[INPUT FOR THIS TASK — start]

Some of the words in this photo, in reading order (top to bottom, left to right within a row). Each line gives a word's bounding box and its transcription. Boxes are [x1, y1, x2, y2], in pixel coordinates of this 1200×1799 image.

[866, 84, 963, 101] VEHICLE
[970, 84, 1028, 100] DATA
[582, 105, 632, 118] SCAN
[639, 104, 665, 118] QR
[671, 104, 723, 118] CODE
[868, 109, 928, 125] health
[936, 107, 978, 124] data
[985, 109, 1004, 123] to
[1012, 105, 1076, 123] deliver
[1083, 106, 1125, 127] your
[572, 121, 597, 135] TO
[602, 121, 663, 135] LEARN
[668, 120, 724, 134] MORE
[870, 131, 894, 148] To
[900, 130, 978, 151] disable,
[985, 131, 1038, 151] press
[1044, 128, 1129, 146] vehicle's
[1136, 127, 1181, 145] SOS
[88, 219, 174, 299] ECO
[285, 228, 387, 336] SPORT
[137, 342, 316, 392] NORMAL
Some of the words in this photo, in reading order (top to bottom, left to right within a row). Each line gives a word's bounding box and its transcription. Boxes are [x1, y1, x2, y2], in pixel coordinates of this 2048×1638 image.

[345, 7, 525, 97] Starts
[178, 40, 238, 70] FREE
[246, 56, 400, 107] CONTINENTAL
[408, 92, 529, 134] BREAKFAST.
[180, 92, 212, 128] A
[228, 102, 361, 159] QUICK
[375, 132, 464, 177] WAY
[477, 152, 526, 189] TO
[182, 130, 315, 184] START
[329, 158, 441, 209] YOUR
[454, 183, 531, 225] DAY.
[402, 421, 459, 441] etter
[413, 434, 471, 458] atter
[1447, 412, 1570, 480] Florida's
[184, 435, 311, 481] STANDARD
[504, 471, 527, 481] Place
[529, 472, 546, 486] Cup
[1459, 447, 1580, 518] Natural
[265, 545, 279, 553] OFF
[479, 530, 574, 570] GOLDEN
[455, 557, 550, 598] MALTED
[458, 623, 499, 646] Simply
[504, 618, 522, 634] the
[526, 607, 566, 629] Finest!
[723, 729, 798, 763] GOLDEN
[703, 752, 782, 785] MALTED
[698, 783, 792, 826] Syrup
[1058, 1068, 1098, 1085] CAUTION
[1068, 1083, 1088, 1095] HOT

[INPUT FOR THIS TASK — finish]

WORK ITEM
A precise copy of all the records is needed.

ANSWER TO THIS TASK
Some of the words in this photo, in reading order (top to bottom, left to right within a row). Each line gives a word's bounding box and its transcription. Boxes are [x1, y1, x2, y2], in pixel coordinates of this 1200×1799 image.

[866, 84, 963, 101] VEHICLE
[970, 84, 1028, 100] DATA
[582, 105, 632, 118] SCAN
[639, 104, 665, 118] QR
[671, 104, 723, 118] CODE
[868, 109, 928, 125] health
[936, 107, 978, 124] data
[985, 109, 1004, 123] to
[1012, 105, 1076, 123] deliver
[1083, 106, 1125, 127] your
[572, 121, 597, 135] TO
[602, 121, 663, 135] LEARN
[668, 120, 724, 134] MORE
[870, 131, 894, 148] To
[900, 130, 978, 151] disable,
[985, 131, 1038, 151] press
[1044, 128, 1129, 146] vehicle's
[1136, 127, 1181, 145] SOS
[88, 219, 174, 299] ECO
[285, 228, 387, 336] SPORT
[137, 342, 316, 392] NORMAL
Some of the words in this photo, in reading order (top to bottom, left to right within a row). Each line gives a word's bounding box and its transcription. Boxes are [x1, y1, x2, y2], in pixel coordinates of this 2048×1638 image.

[345, 7, 525, 97] Starts
[178, 40, 238, 70] FREE
[246, 56, 400, 107] CONTINENTAL
[408, 92, 529, 134] BREAKFAST.
[180, 92, 212, 128] A
[228, 102, 361, 159] QUICK
[375, 132, 464, 177] WAY
[477, 152, 526, 189] TO
[182, 130, 315, 184] START
[329, 158, 441, 209] YOUR
[454, 183, 531, 225] DAY.
[402, 421, 459, 441] etter
[413, 434, 471, 458] atter
[1447, 412, 1570, 480] Florida's
[184, 435, 311, 481] STANDARD
[504, 471, 527, 481] Place
[529, 472, 546, 486] Cup
[1459, 447, 1580, 518] Natural
[265, 545, 279, 553] OFF
[479, 530, 574, 570] GOLDEN
[455, 557, 550, 598] MALTED
[458, 623, 499, 646] Simply
[504, 618, 522, 634] the
[526, 607, 566, 629] Finest!
[723, 729, 798, 763] GOLDEN
[703, 752, 782, 785] MALTED
[698, 783, 792, 826] Syrup
[1058, 1068, 1098, 1085] CAUTION
[1068, 1083, 1088, 1095] HOT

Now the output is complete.